PROVIDED DATA
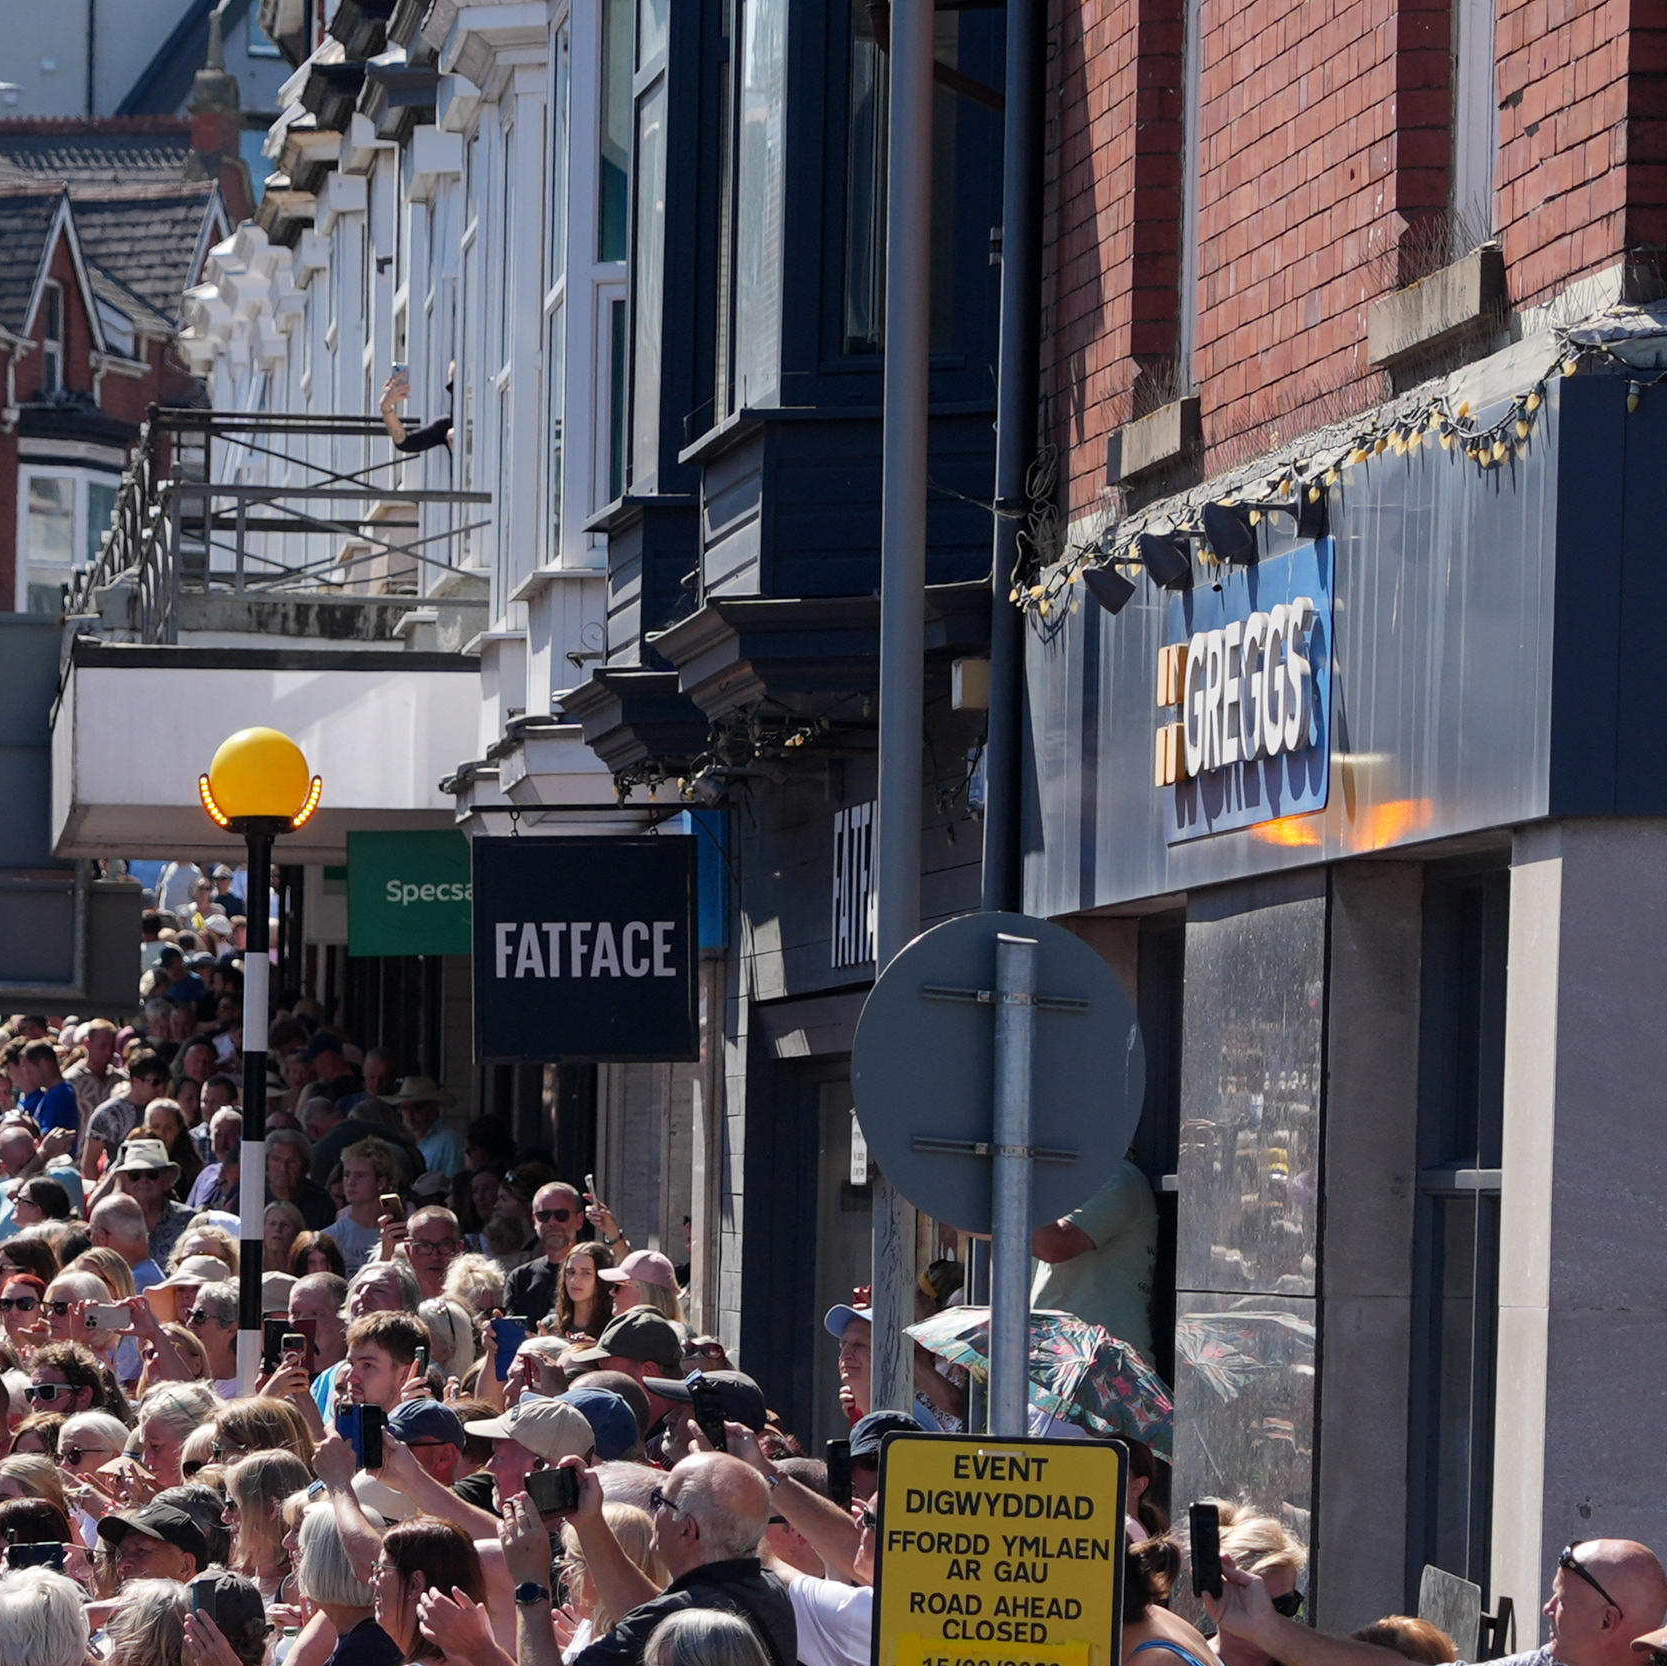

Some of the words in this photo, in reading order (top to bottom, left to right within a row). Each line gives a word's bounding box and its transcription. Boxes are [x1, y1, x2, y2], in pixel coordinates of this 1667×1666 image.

[1184, 597, 1314, 778] GREGGS
[495, 921, 677, 978] FATFACE
[954, 1454, 1049, 1482] EVENT
[906, 1489, 1094, 1520] DIGWYDDIAD
[888, 1530, 990, 1555] FFORDD
[1002, 1535, 1110, 1560] YMLAEN
[946, 1559, 981, 1581] AR
[994, 1561, 1049, 1583] GAU
[909, 1592, 982, 1615] ROAD
[994, 1596, 1082, 1620] AHEAD
[942, 1619, 1047, 1644] CLOSED
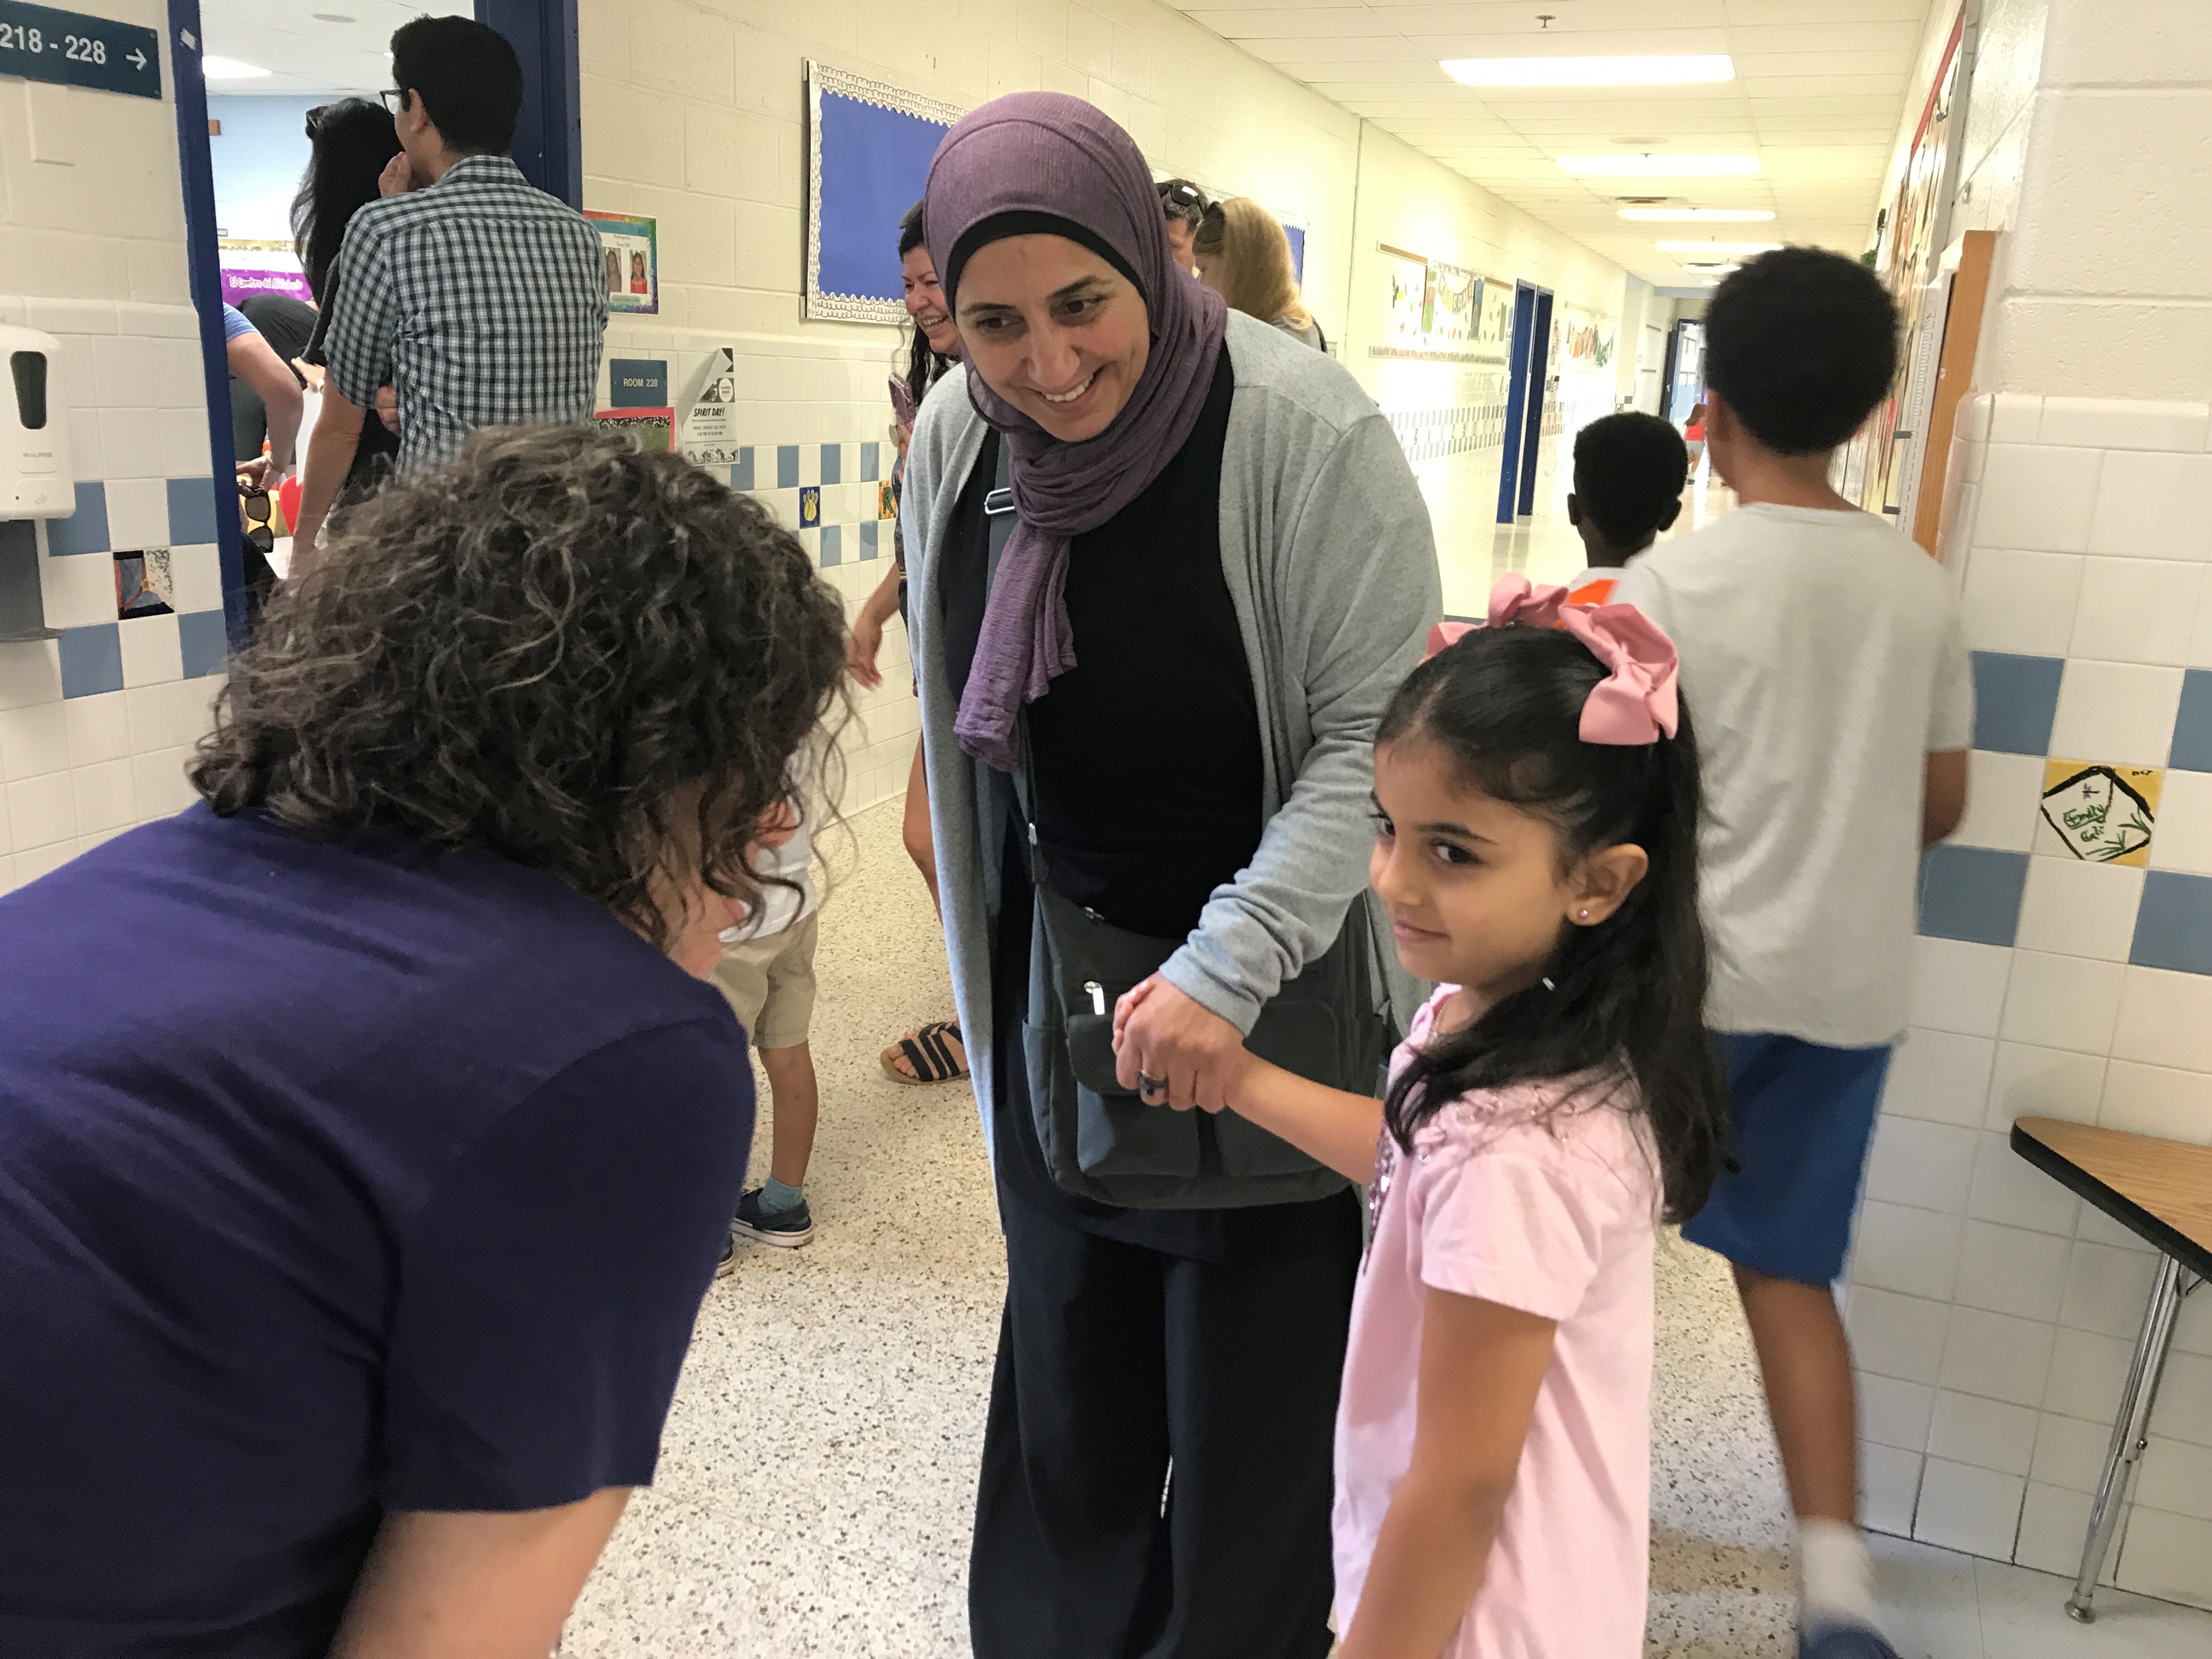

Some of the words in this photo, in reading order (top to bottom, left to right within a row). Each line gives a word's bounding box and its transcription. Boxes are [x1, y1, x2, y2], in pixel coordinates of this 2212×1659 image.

[0, 22, 43, 53] 218
[64, 35, 106, 65] 228
[623, 378, 644, 387] ROOM
[646, 378, 658, 387] 228
[693, 408, 711, 417] SPIRIT
[712, 407, 725, 416] DAY!

PROMPT
The entries above should be reproduced exactly, without their pictures.

SOLUTION FOR THIS EXERCISE
Some of the words in this photo, in reading order (top to bottom, left to right within a row). Each line gives a word's bounding box and its transcription. Boxes are [x1, y1, x2, y2], in pixel coordinates of this 1667×1666 image.

[1184, 597, 1314, 778] GREGGS
[495, 921, 677, 978] FATFACE
[954, 1454, 1049, 1482] EVENT
[906, 1489, 1094, 1520] DIGWYDDIAD
[888, 1530, 990, 1555] FFORDD
[1002, 1535, 1110, 1560] YMLAEN
[946, 1559, 981, 1581] AR
[994, 1561, 1049, 1583] GAU
[909, 1592, 982, 1615] ROAD
[994, 1596, 1082, 1620] AHEAD
[942, 1619, 1047, 1644] CLOSED

Some of the words in this photo, in reading order (top to bottom, left to right within a row). Each line gives a word's bounding box and its transcription. Boxes are [x1, y1, x2, y2], in pixel coordinates of this 2212×1659 image.

[0, 22, 43, 53] 218
[64, 35, 106, 65] 228
[623, 378, 644, 387] ROOM
[646, 378, 658, 387] 228
[693, 408, 711, 417] SPIRIT
[712, 407, 725, 416] DAY!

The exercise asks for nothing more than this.